- Exercise -
Leave every image behind and restate the data word for word.

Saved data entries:
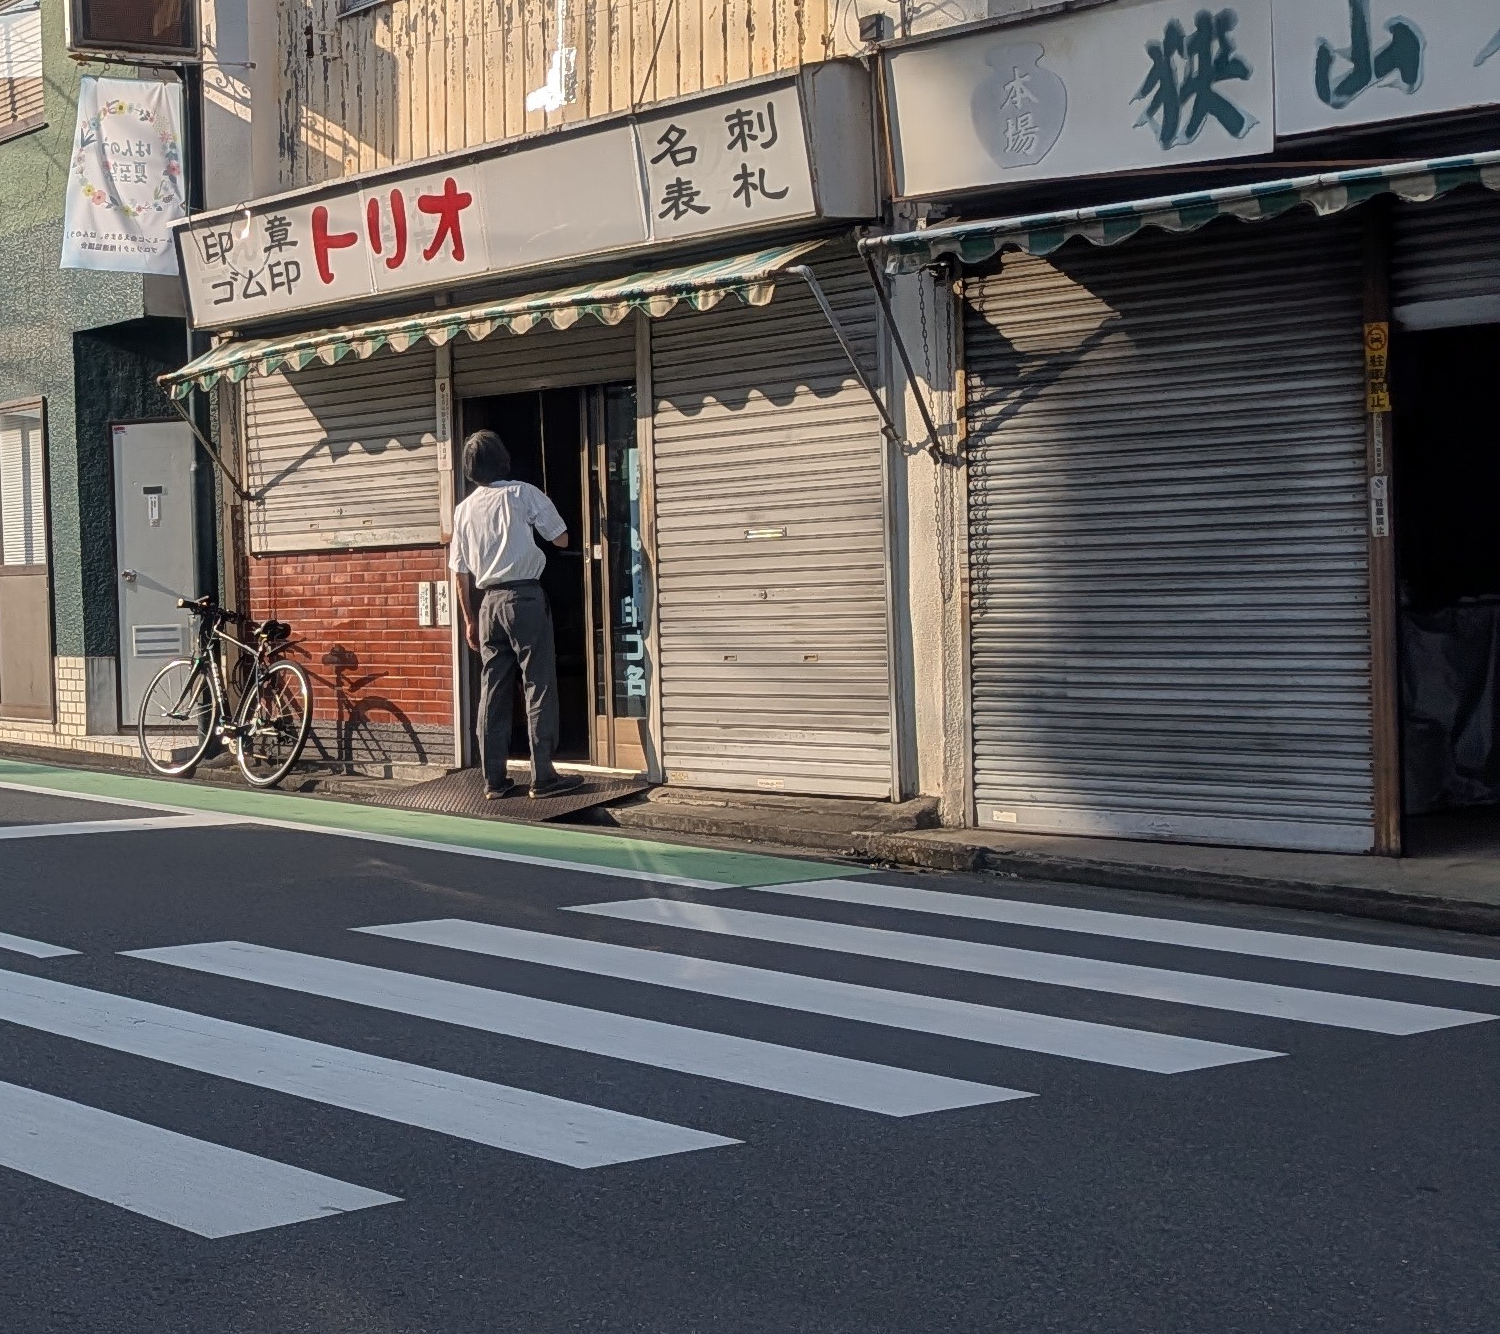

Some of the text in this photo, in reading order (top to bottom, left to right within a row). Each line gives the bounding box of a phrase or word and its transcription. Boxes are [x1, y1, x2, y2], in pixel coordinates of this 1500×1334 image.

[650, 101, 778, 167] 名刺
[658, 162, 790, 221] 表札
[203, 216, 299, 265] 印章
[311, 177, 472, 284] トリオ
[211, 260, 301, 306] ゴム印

- Finished exercise -
Some of the text in this photo, in reading order (top to bottom, left to right within a row). Each line gives the bounding box of a phrase or word and its transcription. Boxes are [x1, y1, x2, y2], in pixel coordinates of this 1500×1334 image.

[650, 101, 778, 167] 名刺
[658, 162, 790, 221] 表札
[203, 216, 299, 265] 印章
[311, 177, 472, 284] トリオ
[211, 260, 301, 306] ゴム印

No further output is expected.